The shove against the wall was sharp, and the back of her head connected hard again with a soft crack. She tried to blink away the stars that formed behind her eyelids, but they flared hard and blinded her to the next shot of violence. Half the blows glanced off - shoulder, chest, the side of her neck close enough to her throat that it stole her breath again - but the other half hit hard and true, cracking against bone and making the world grey and spark. And she let them. She wouldn’t have known how to hit back or defend herself even if she had intended to, and all she could do was pull her arms in tight to her chest and attempt to turn her face away.
But that only shifted the angle enough that the next blow that hit, hit hard, and everything greyed out for long seconds, weakening her knees and sending her sliding against the wall down toward the ground. Then, her body did what her brain could not, curling up against the wall as her arms lifted enough (finally) to cover her head. She coughed and choked, not realizing why breathing was hard, not realizing that it was the metallic slip of blood through her mouth and down her throat. It was warm and she was cold, and she just kept her eyes shut, not saying anything, trying to simply breathe and keep the grey from closing in more.
Commotions at the Aria were normally limited to the lower floors, where the rooms were rented by the hour and a few too many drinks fueled a lovers quarrel, but up here, things were normally quiet. So when the commotion in the hallway not so far from her door started up, Chloe simply stared at the door for a long while, wondering if it would be wise to stick her head out to see what was going on.

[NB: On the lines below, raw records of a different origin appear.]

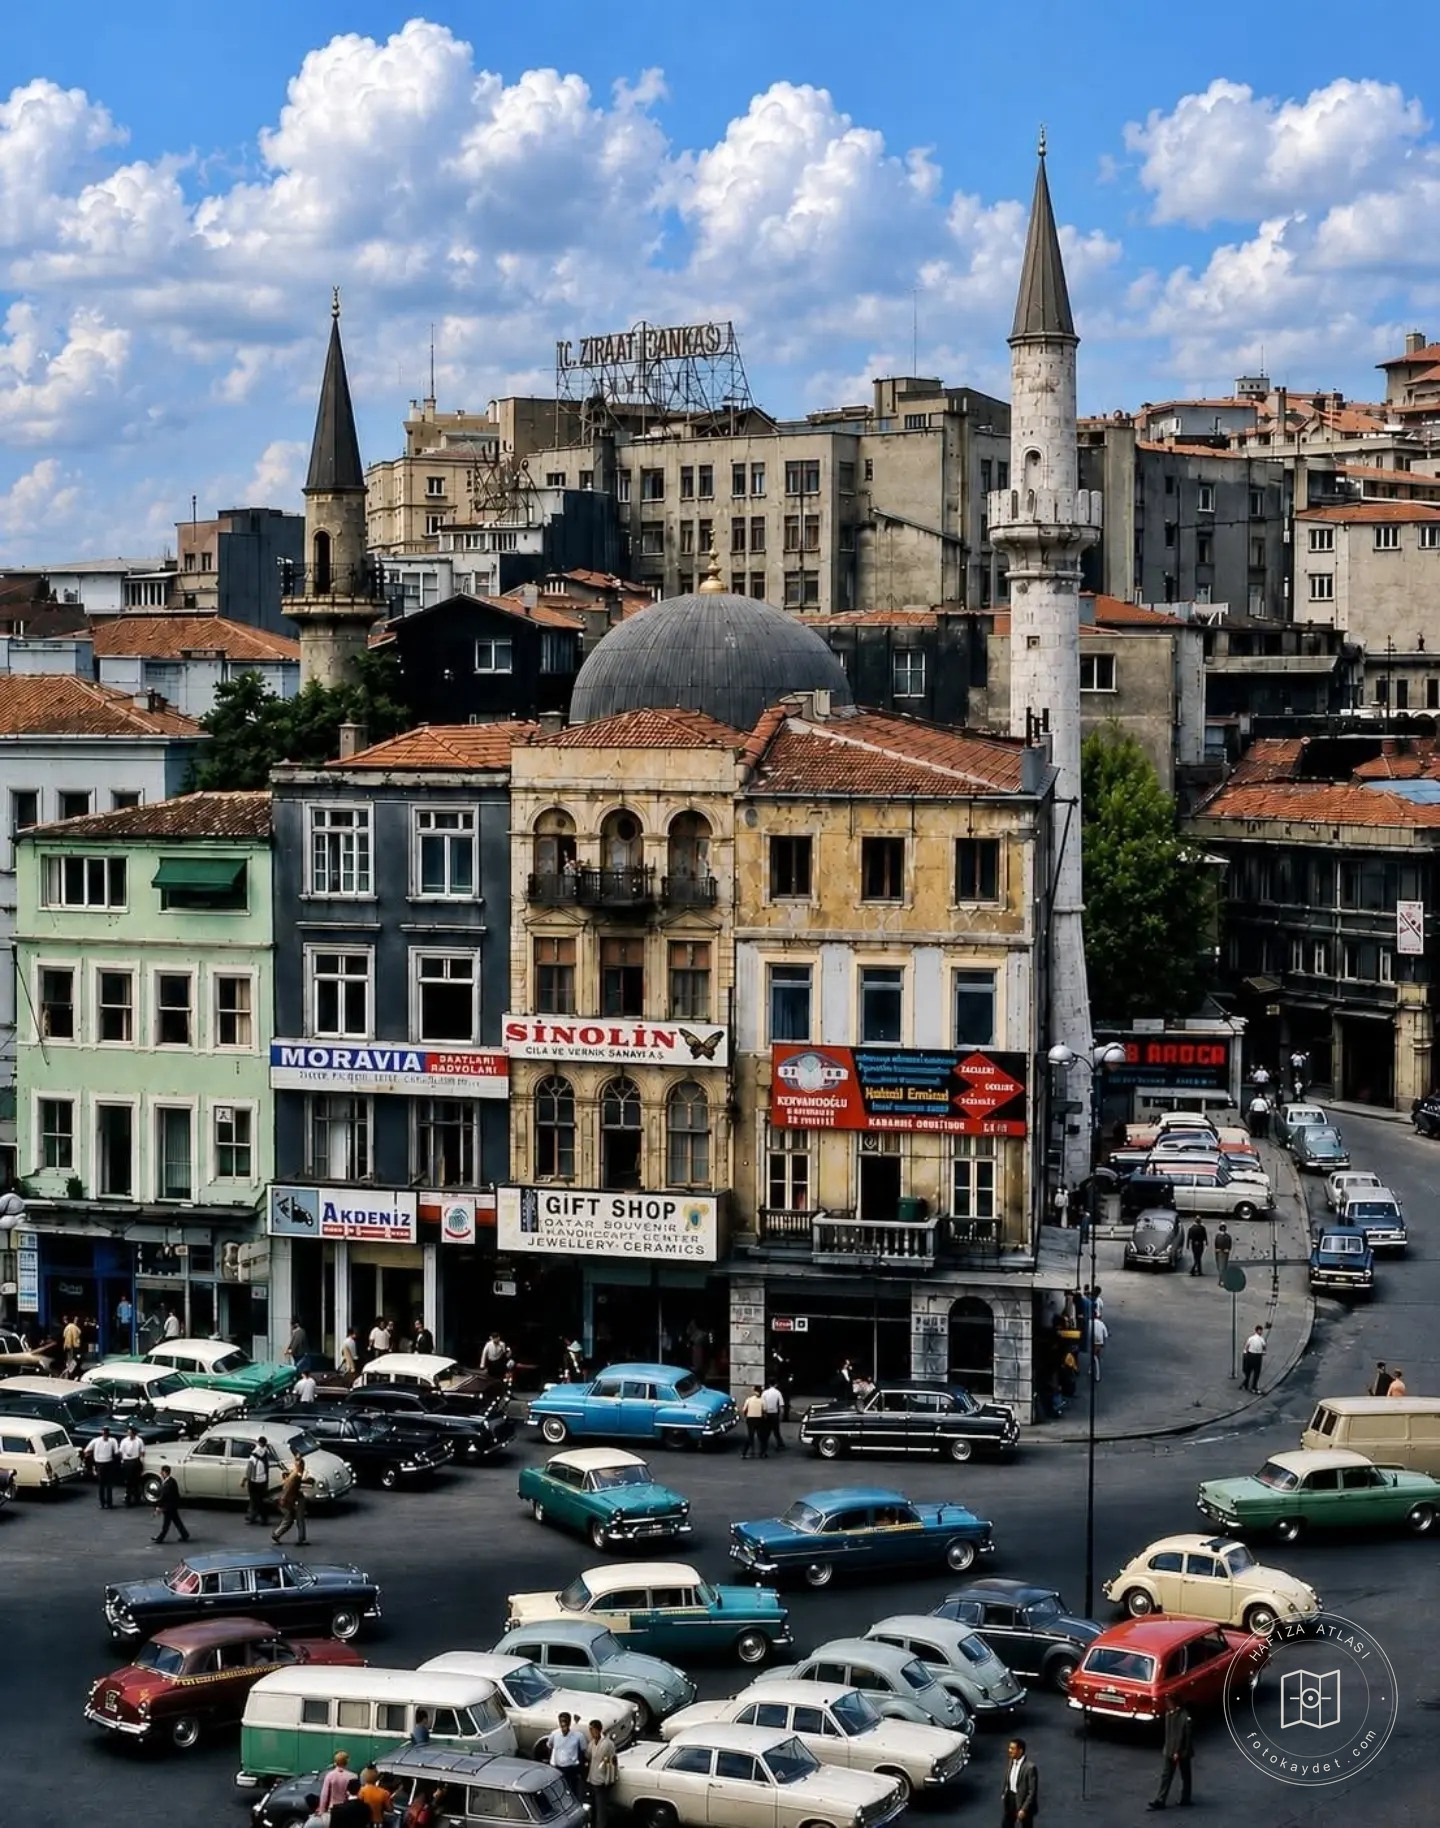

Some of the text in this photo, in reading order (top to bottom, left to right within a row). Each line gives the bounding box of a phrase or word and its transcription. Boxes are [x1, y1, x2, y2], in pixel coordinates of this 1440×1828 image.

[506, 1020, 677, 1049] SİNOLİN
[281, 1047, 421, 1072] MORAVIA
[612, 1199, 676, 1220] SHOP
[623, 1241, 705, 1255] CERAMICS
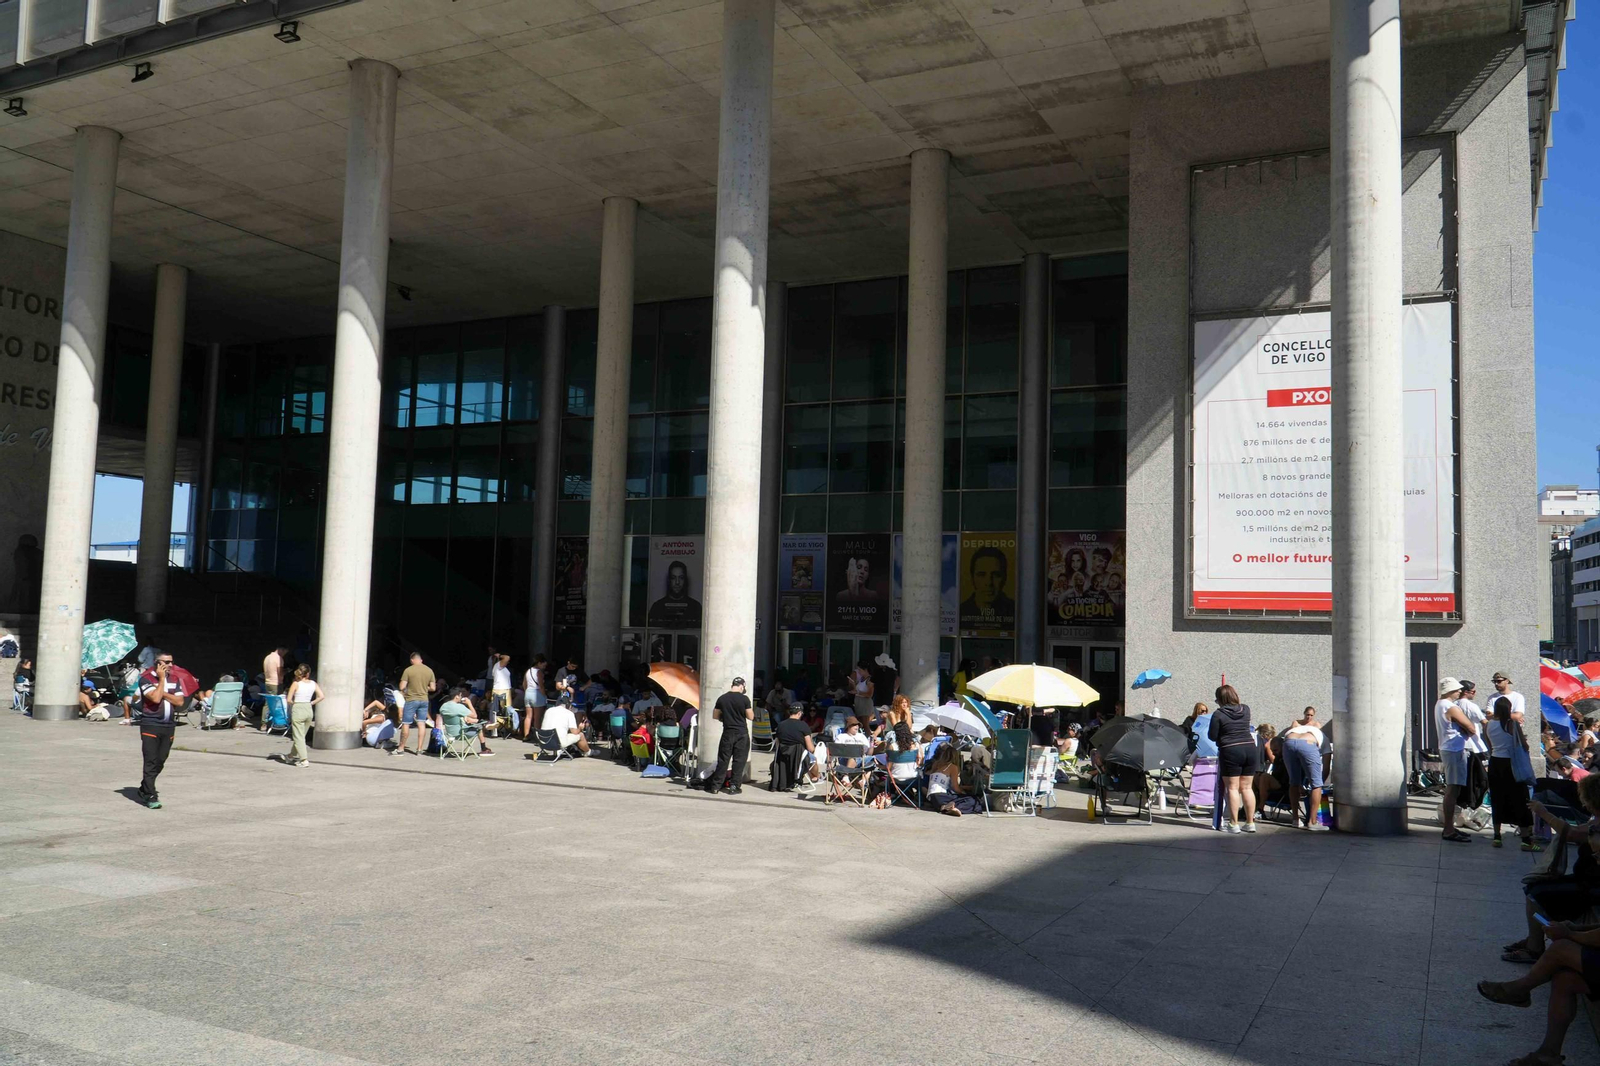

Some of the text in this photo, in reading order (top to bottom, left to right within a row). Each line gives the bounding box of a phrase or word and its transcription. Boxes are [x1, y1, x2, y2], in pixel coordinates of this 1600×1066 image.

[0, 333, 23, 358] O
[1263, 339, 1331, 353] CONCELLO
[1272, 352, 1325, 364] DE VIGO
[2, 383, 55, 411] RES
[1292, 390, 1331, 404] PXO
[1256, 420, 1327, 429] 14.664 vivendas
[1262, 438, 1293, 446] millóns
[1296, 437, 1307, 445] de
[1319, 436, 1331, 444] de
[1241, 457, 1254, 465] 2,7
[1290, 455, 1302, 463] de
[1236, 509, 1275, 517] 900.000
[1243, 525, 1254, 533] 1,5
[1079, 533, 1097, 541] VIGO
[962, 539, 1015, 548] DEPEDRO
[1232, 553, 1242, 563] O
[1247, 553, 1289, 563] mellor
[859, 606, 877, 614] VIGO
[980, 607, 995, 616] VIGO
[1058, 602, 1115, 620] COMEDIA

Lately, she was operating on a policy of keeping her head down and her mouth shut, but the screaming and the thumping that was coming from the hallway sounded, in a way, serious, and given the ownership her parents had over the building, it was her duty as the loving daughter to at least do her share of assistance when it was called for.

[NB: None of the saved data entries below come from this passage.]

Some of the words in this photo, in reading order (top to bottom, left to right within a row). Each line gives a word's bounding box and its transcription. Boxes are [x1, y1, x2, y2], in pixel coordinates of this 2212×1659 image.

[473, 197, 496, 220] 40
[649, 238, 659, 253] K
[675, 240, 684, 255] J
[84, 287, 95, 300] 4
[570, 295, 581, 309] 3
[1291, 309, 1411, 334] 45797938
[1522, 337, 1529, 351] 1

Still fuzzy from painkillers and muscle relaxants, Chloe wound her robe about her slim figure and took up her phone from the kitchen counter. 911 was already entered, ready to dial at a press of her thumb, and only then did she release the chain on the door to pull it open. Nothing could have prepared her for the sight that greeted her there in the hallway. A slight thing crumpled against the wall and another hovering nearby, tight fists and tear-stained cheeks. It was easy enough to put two and two together and fit each woman into their role in what she had heard.
Maybe she might have told the pair to simply take it elsewhere, but recognition flared at the one who still stood, knotted hair and reddened cheeks from crying. Chloe had seen that face entirely too much on the television in the weeks past, the hapless victim who had been kidnapped and god knows what else. Samantha Alexander. Seeing her now, in person, made Chloe wonder what Neil possibly saw in her. She might have been cute, in the way that stray animals were cute, but there was nothing physically appealing about her, particularly now. And maybe that spoke volumes about Neil as well, that he would associate with someone like this.
Her lips pursed together as she weighed her decisions, and finally, Chloe pressed the dial button and held the phone to her ear. The canned greeting came moments later, and with her gaze on the two women, Chloe spoke sharply, the English accent clear though muddled from years state-side. "I'd like to report an assault at the Aria," she said easily. "You may want to get police down here soon. She's beaten this poor girl and I'm afraid of what else she might be capable of." Chloe lingered in her doorway, hand on the door frame, and for once, she couldn't be blamed for what was going on. Sam had dug her own grave with fists and tears, and Chloe was going to simply help her into it.